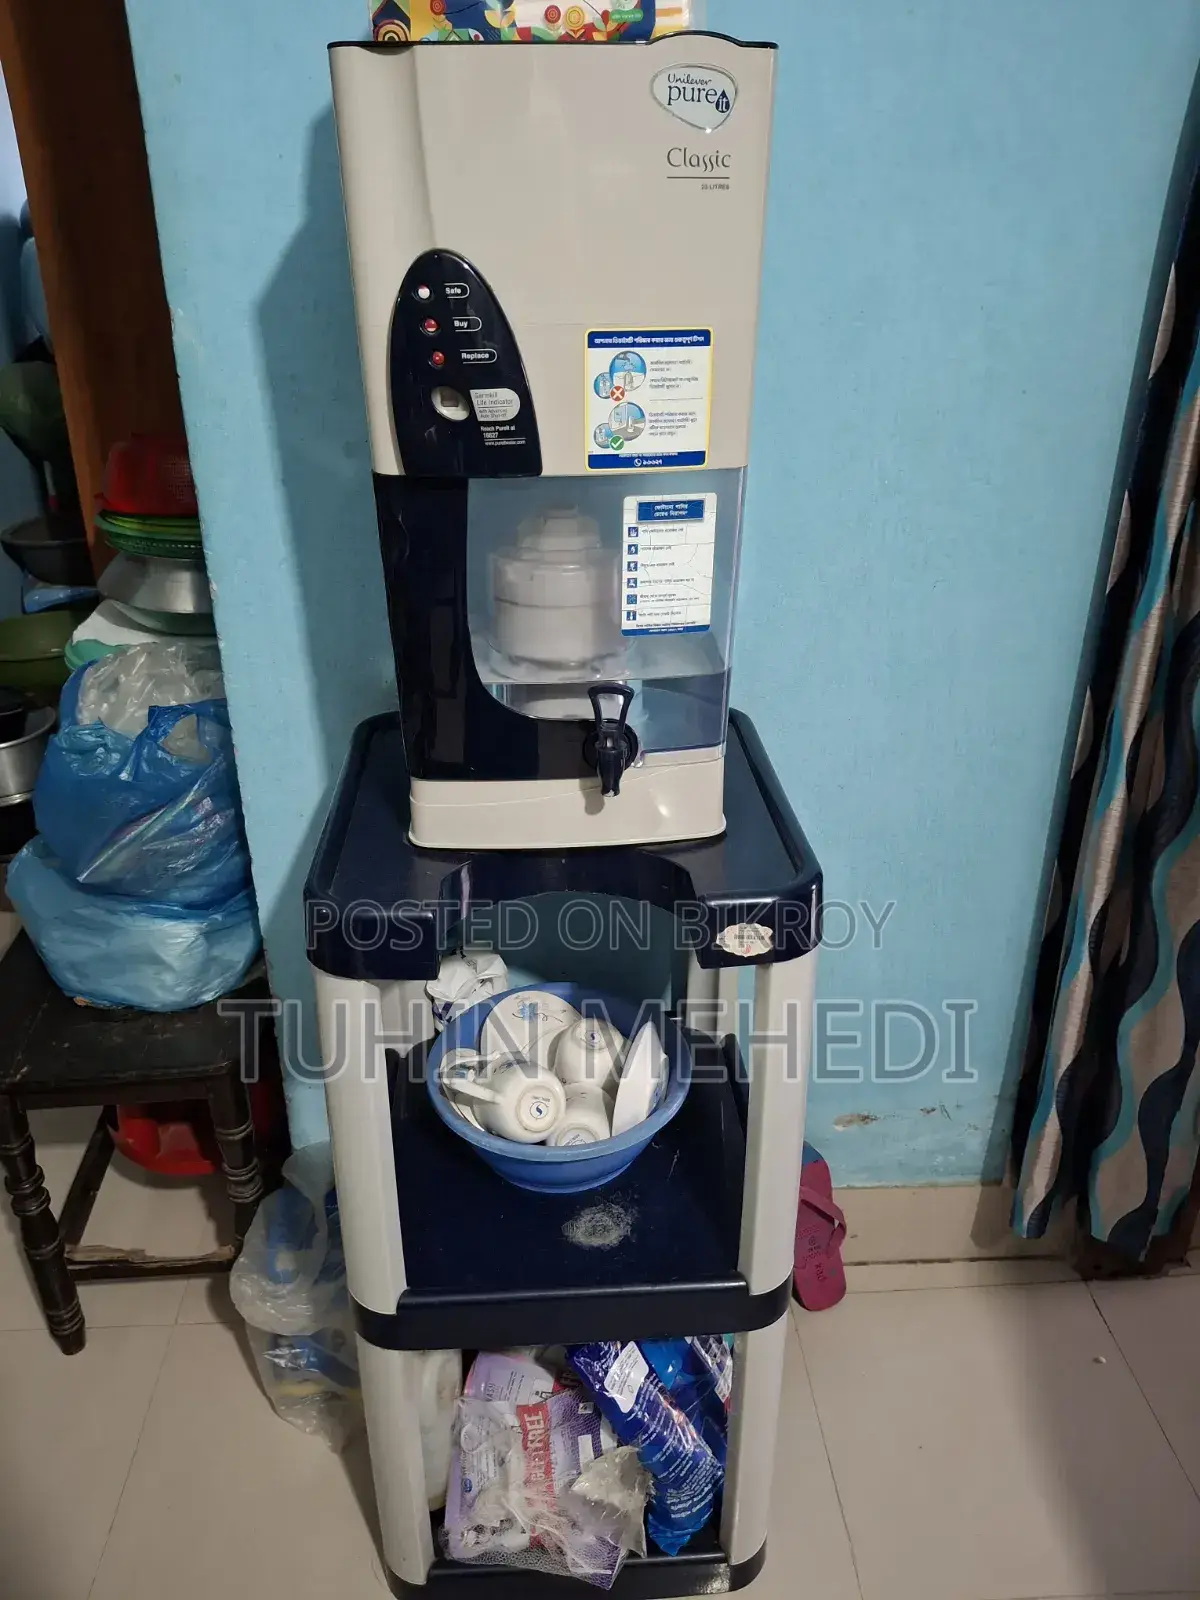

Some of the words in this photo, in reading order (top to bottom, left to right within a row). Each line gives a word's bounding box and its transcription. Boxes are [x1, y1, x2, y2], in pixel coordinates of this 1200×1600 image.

[667, 73, 712, 86] Unilever
[666, 147, 732, 173] Classic
[453, 320, 468, 328] Buy
[461, 352, 490, 360] Replace
[523, 1410, 547, 1450] FREE

| EXERCISE DESCRIPTION |
All the material above must be copied exactly, and no picture belongs in the copy.

| WRITTEN ANSWER |
Some of the words in this photo, in reading order (top to bottom, left to right within a row). Each line gives a word's bounding box and its transcription. Boxes are [x1, y1, x2, y2], in pixel coordinates of this 1200×1600 image.

[667, 73, 712, 86] Unilever
[666, 147, 732, 173] Classic
[453, 320, 468, 328] Buy
[461, 352, 490, 360] Replace
[523, 1410, 547, 1450] FREE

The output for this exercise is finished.